Not too long ago, Vulcan Post wrote about FreeW, a startup by Alison Grün that provides biking classes for women who are interested in learning and just having fun with it.
They actually conduct their classes at an off-road track in Kampung Sungei Penchala called Most Fun Gym (MFG).
MFG also provides its own motorbike riding classes. Currently, it is run by a 66-year-old man called Oh Kah Beng, or Foreman Oh in his glory days.
It is a motocross biking facility that caters to urbanites who want to experiment riding on two-wheelers in a safe and controlled environment that’s not too far from home.
Dictionary Time: Motocross is a timed motorcycle race over a closed course consisting of a winding dirt trail with hills, jumps, sharp turns, and often muddy terrain.
Dictionary.com
Growing Up Around Big Toys
Oh Kah Beng earned his nickname Foreman Oh when he was a young boy because he spent a lot of time in his dad’s bike shop. It was almost like a playground to him.
“When kids went to Toys“R”Us, I was playing on a motorcycle, sweeping the floor in the workshop and helping my dad out. I just felt very at home getting myself dirty in a workshop,” Kah Beng shared with Vulcan Post.
“I was lucky to have been surrounded by big toys at such a young age, but at the same time I also broke many bones in the process of playing with them.”
When Kah Beng helped his dad in the workshop, one of their clients was an Australian motor-racing club whose bikes Kah Beng’s dad serviced.
While helping, he also had the opportunity to test out these bikes himself. Finally, one day, he was offered to try out racing at a motocross facility.
He was lent a Montessa by one of the Australians at a dirt bike circuit. Kah Beng was only 16 years old at the time, he told Biker’s Republic.

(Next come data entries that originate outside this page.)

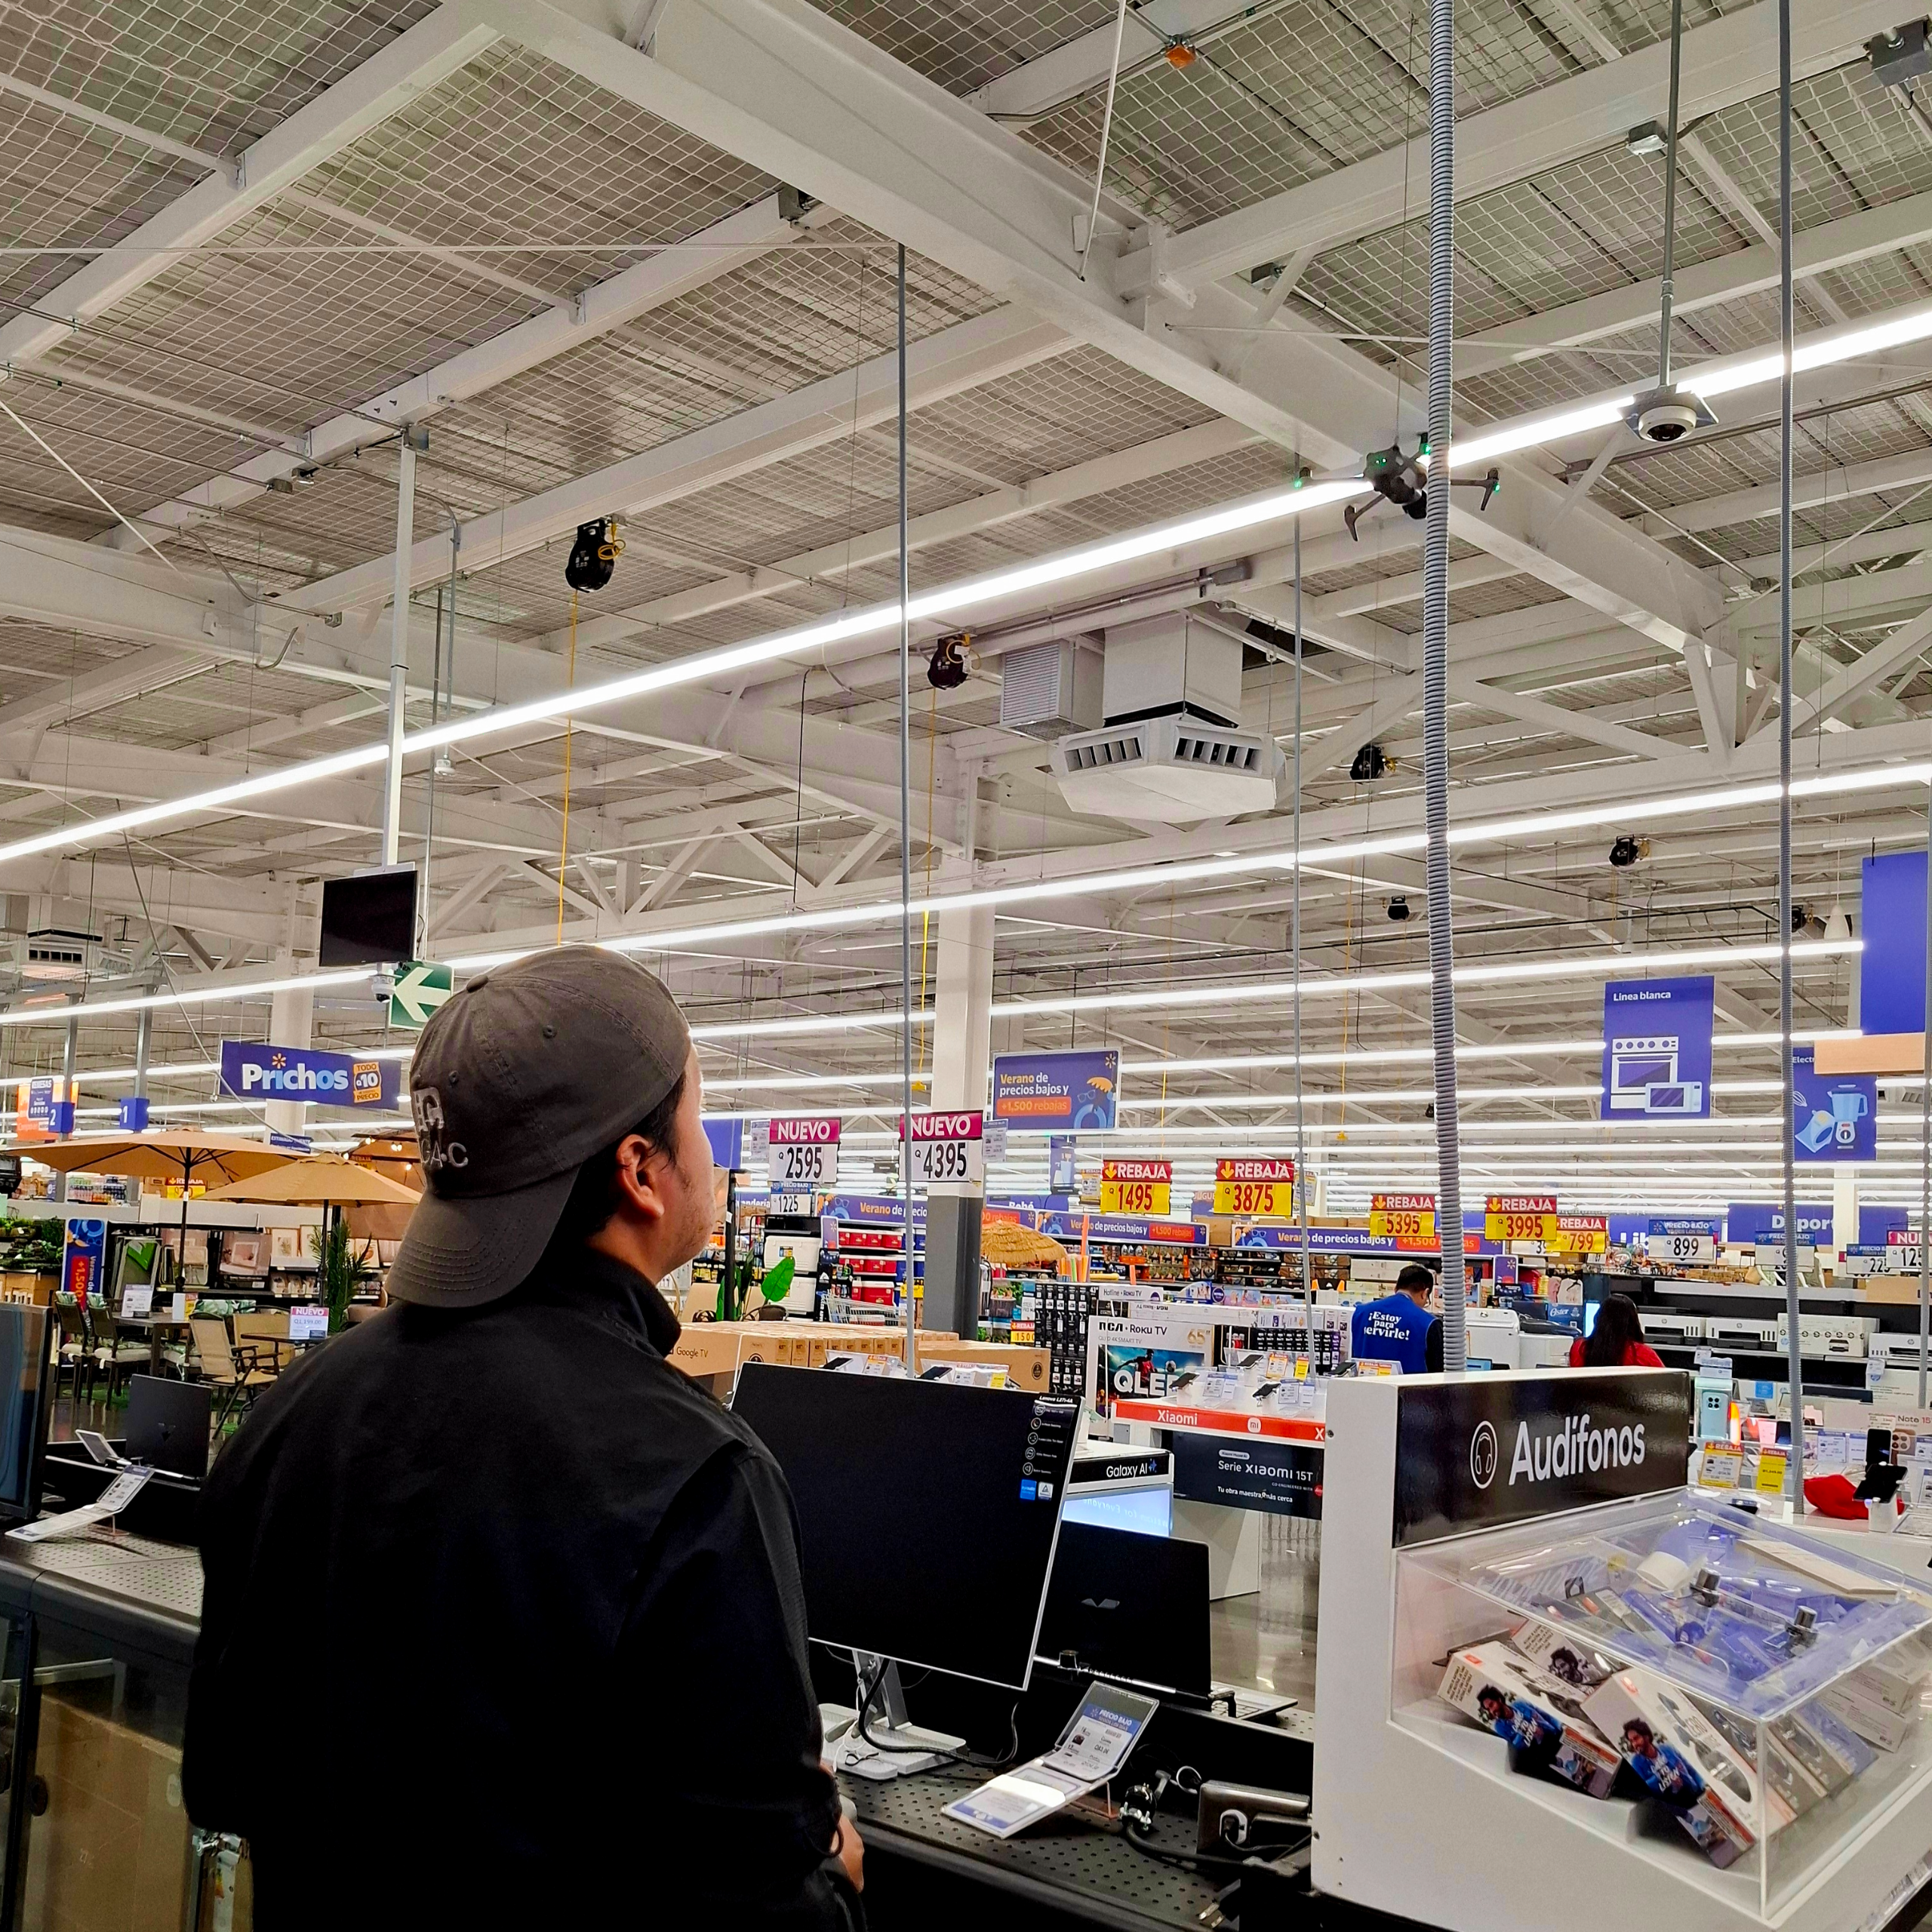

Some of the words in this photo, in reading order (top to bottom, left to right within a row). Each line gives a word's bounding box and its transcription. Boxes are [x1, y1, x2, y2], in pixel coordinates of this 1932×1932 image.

[1640, 990, 1671, 1000] blanca
[356, 1063, 377, 1072] TODO
[242, 1063, 349, 1090] Prichos
[1000, 1074, 1035, 1084] Verano
[1035, 1072, 1048, 1083] de
[357, 1093, 380, 1101] PRECIO
[999, 1085, 1035, 1097] precios
[1035, 1084, 1061, 1096] bajos
[1063, 1084, 1069, 1095] y
[1001, 1100, 1032, 1111] +1,500
[1034, 1100, 1067, 1111] rebajas
[50, 1109, 57, 1126] 2
[122, 1106, 129, 1123] 1
[777, 1121, 830, 1140] NUEVO
[911, 1115, 971, 1137] NUEVO
[786, 1146, 823, 1179] 2595
[924, 1142, 967, 1179] 4395
[1118, 1164, 1168, 1179] REBAJA
[1234, 1163, 1290, 1179] REBAJA
[778, 1195, 798, 1213] 1225
[1117, 1183, 1153, 1211] 1495
[1232, 1183, 1274, 1212] 3875
[1386, 1196, 1432, 1209] REBAJA
[1501, 1198, 1553, 1211] REBAJA
[860, 1202, 891, 1214] Verano
[892, 1206, 903, 1215] de
[1095, 1221, 1103, 1230] de
[1104, 1223, 1125, 1233] precios
[1127, 1223, 1142, 1234] bajos
[1143, 1226, 1147, 1235] y
[1386, 1213, 1422, 1234] 5395
[1506, 1215, 1543, 1238] 3995
[1559, 1218, 1602, 1229] REBAJA
[1664, 1220, 1690, 1229] PRECIO
[1312, 1232, 1323, 1243] de
[1325, 1234, 1359, 1245] precios
[1360, 1234, 1386, 1246] bajos
[1387, 1237, 1393, 1247] y
[1569, 1232, 1594, 1251] 799
[1673, 1237, 1699, 1257] 899
[88, 1256, 97, 1281] Verano
[88, 1281, 95, 1291] de
[1368, 1311, 1401, 1324] ¡Estoy
[1099, 1322, 1123, 1332] RCA
[1155, 1326, 1168, 1335] TV
[1374, 1321, 1394, 1330] para
[676, 1346, 698, 1358] Google
[700, 1349, 708, 1358] TV
[1157, 1409, 1198, 1426] Xiaomi
[1897, 1415, 1919, 1423] Note
[1508, 1414, 1645, 1486] Audífonos
[1715, 1443, 1742, 1452] REBAJA
[1106, 1465, 1138, 1478] Galaxy
[1218, 1460, 1242, 1472] Serie
[1296, 1471, 1313, 1481] 15T
[1226, 1487, 1238, 1495] obra
[1099, 1709, 1118, 1721] PRECIO
[1118, 1715, 1133, 1726] BAJO

After that experience, he couldn’t get enough of his newfound love for bike-racing, so he ventured into road racing, using his childhood nickname of Foreman Oh.

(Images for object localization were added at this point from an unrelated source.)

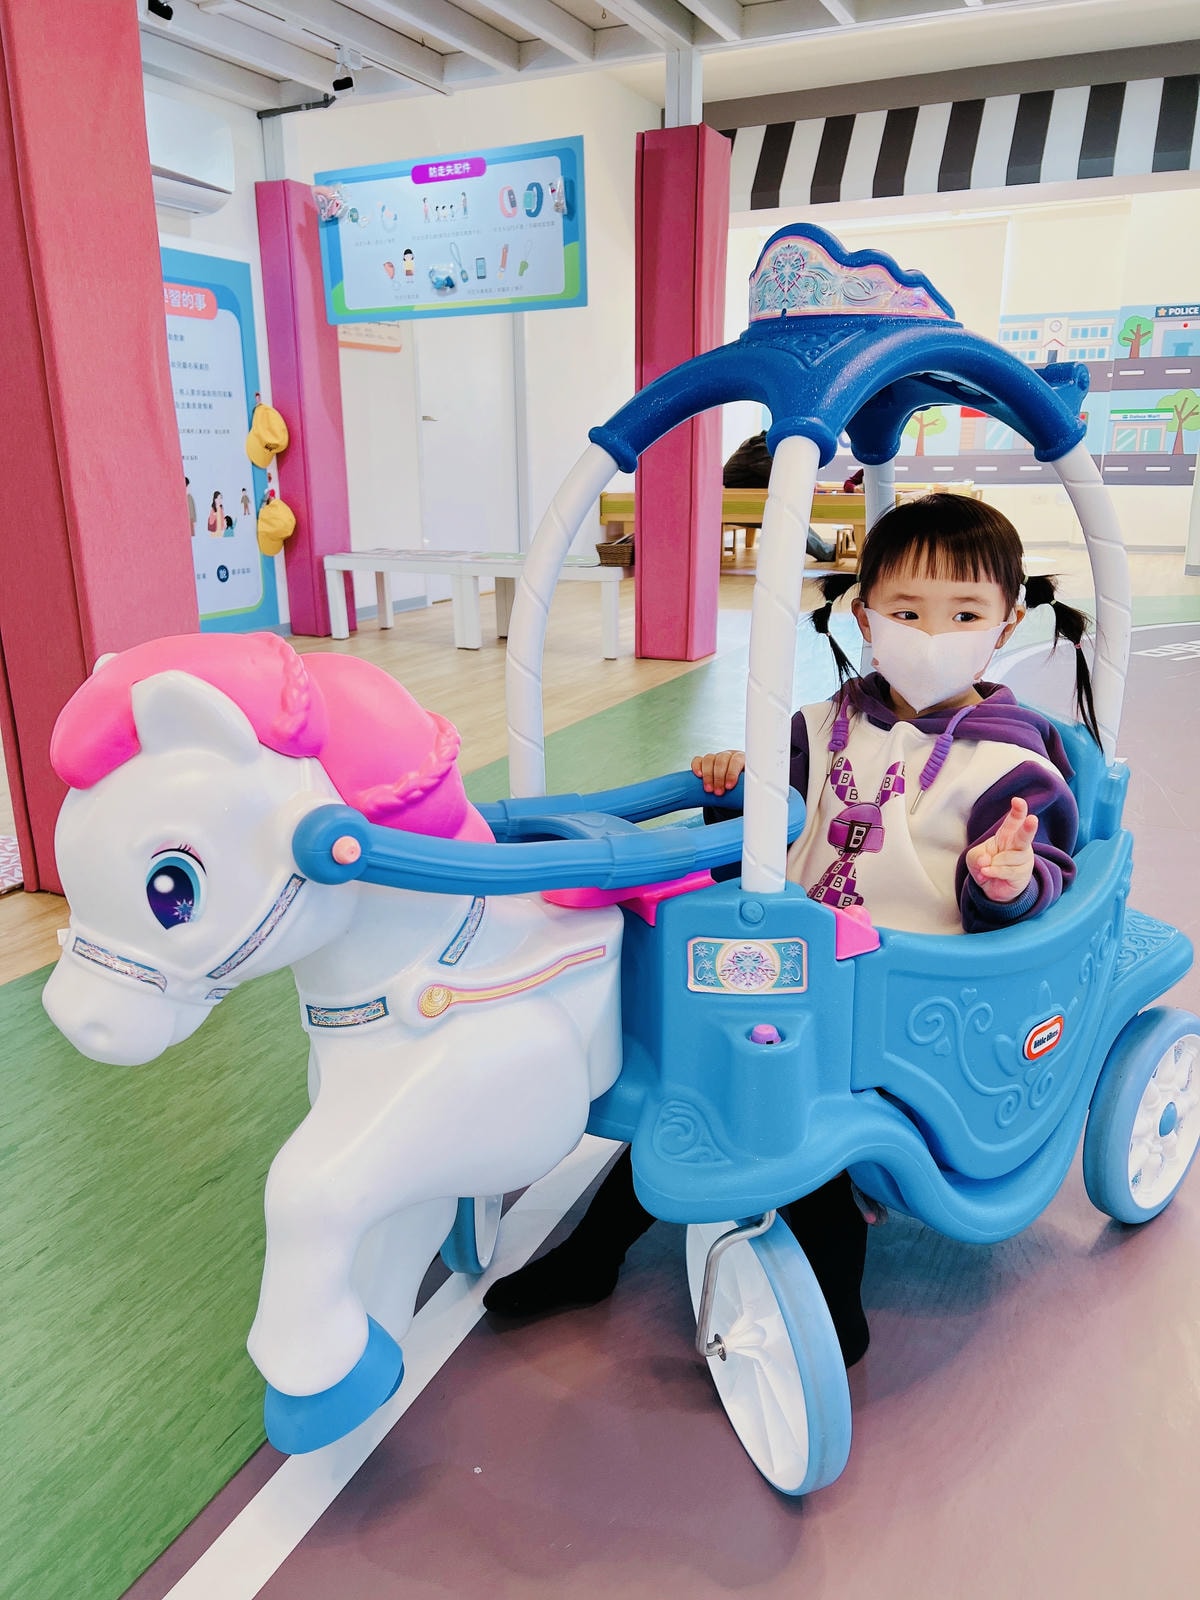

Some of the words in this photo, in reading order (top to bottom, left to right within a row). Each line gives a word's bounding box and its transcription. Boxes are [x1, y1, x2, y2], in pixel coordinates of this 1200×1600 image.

[428, 162, 472, 179] 防走失配件
[1168, 306, 1200, 316] POLICE
[835, 757, 845, 768] B
[841, 773, 850, 784] B
[884, 777, 891, 789] B
[849, 789, 859, 801] B
[849, 826, 867, 848] B
[833, 863, 842, 873] B
[833, 876, 843, 888] B
[815, 888, 824, 898] B
[842, 896, 853, 907] B

Unlike motocross, road-racing is done on a closed circuit like in Sepang and not on a dirt trail.
From Fixing Bikes In A Workshop To Becoming National Champion
Kah Beng had a close friend called Hamid Jalil who loaned him his 6-month-old RD250 to race in his first Penang Race Circuit Series Production Category in 1974, which he won.
There was no turning back for Kah Beng by now, and he went on to win subsequent similar races that he entered in other Grand Prix in Batu Tiga.

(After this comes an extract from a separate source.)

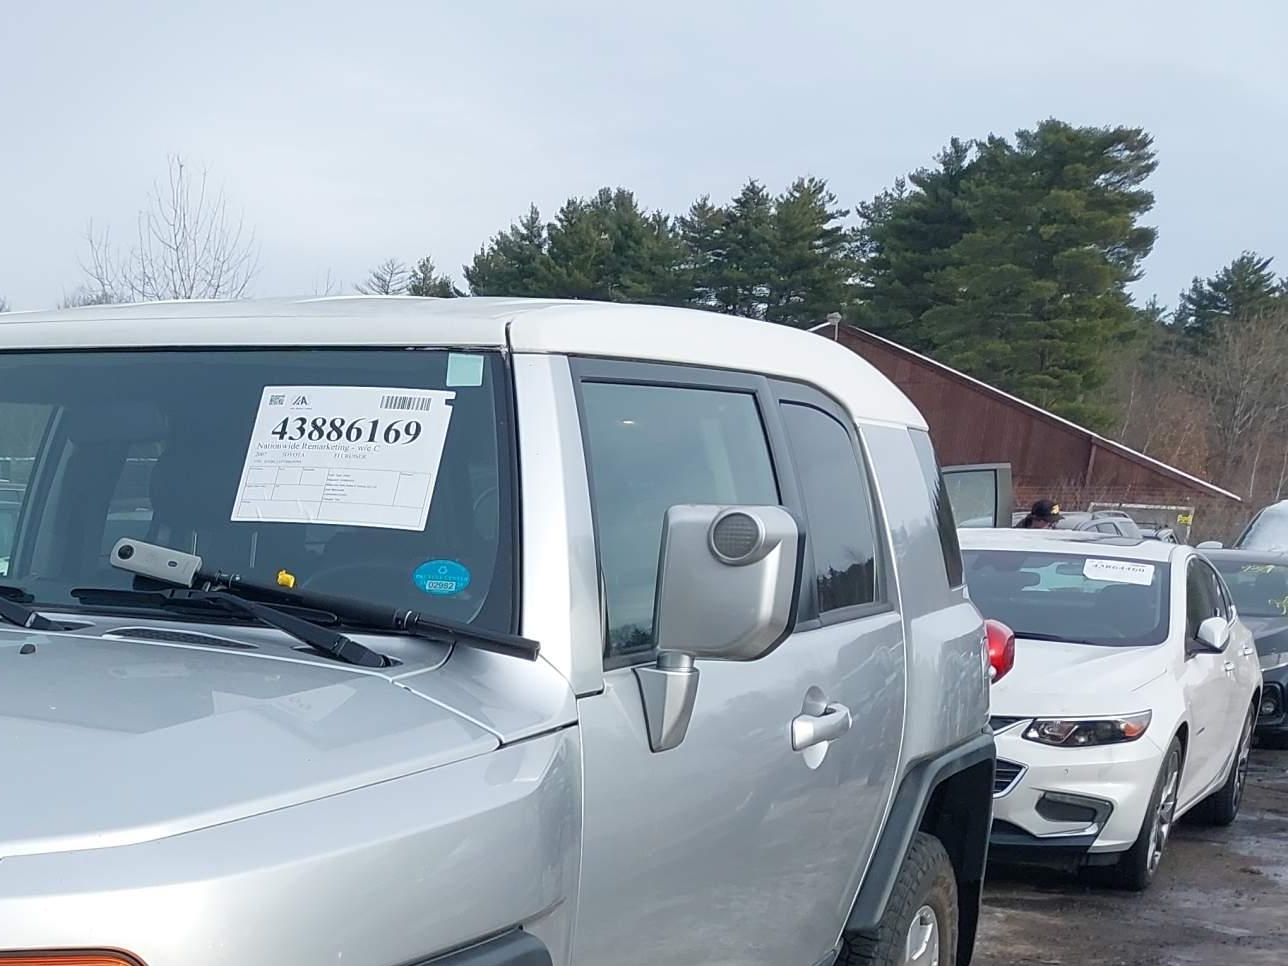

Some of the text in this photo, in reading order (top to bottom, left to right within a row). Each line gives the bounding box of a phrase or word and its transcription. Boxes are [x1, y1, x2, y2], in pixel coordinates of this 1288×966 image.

Kah Beng’s highest personal achievement was racing with Wayne Gardner, an Australian former professional GP motorcycle racer.
He shared that he beat Wayne when they raced together in KL, and that years later, Wayne would go on to become the 500cc world champion.
Standing as the top national rider for many years gained Kah Beng some traction, especially from oil companies.
Kah Beng ended up working in Shell for almost 14 years, Lotus for 17, and another oil company for 4 years.
“I was lucky that one of the oil companies hired me to be their technical sales guy. I was racing with this bike that was the first of its kind in Malaysia. It was a very high performance bike that was also very costly,” he recalled.
While working in corporate was very different from a racing career, he didn’t mind doing it because anything bike-racing related was his passion. To Kah Beng, it felt like getting paid for your hobby.
Retiring From Racing Early
Though Kah Beng had always been aware that his passion comes with a risk, it never discouraged him from pursuing it.
Unfortunately, he wasn’t able to escape that risk as he had a serious accident when he was 28 while racing.
“I flew 100 miles per hour over the handlebar and I was watching the race as I waited for the ambulance with my broken arm. The bone was sticking up from my leather but I didn’t feel any pain because I had so much adrenaline,” he told Vulcan Post.
At the time, he was also married and was working with Shell already, so his parents told him to just forget about racing and focus on his marriage and work.
In fact, his wife even told him to stop racing if he wanted to start having kids and build a family.
However, after he recovered, he raced for one more year, though he was semi-retired already.
Furthermore, his broken arm was still recovering at the time, which affected his confidence and stressed him out.
But he did it anyway, since he didn’t want to disappoint those who paid him to race.
Not Giving Up On His First Love
As damaging as the accident was for Kah Beng, it wasn’t the last we would see of him on a race track.
In 2014, Kah Beng left the corporate world to return to his passion for racing one last time and started MFG.
The timing was perfect as Kah Beng was almost 60 at the time and about to retire from his job. He had found a piece of land in Kampung Sungei Penchala and decided to build a private motocross track on it.
From 2015 onwards, he began getting inquiries from people wanting to learn about riding bikes, which pushed him to open up the track and charge people for it.
Today, they have around 20 students per week and have grown their inventory to 15 bikes from 3 bikes when they first started out.
Editor’s Note: Parts of this article have been edited to reflect greater accuracy.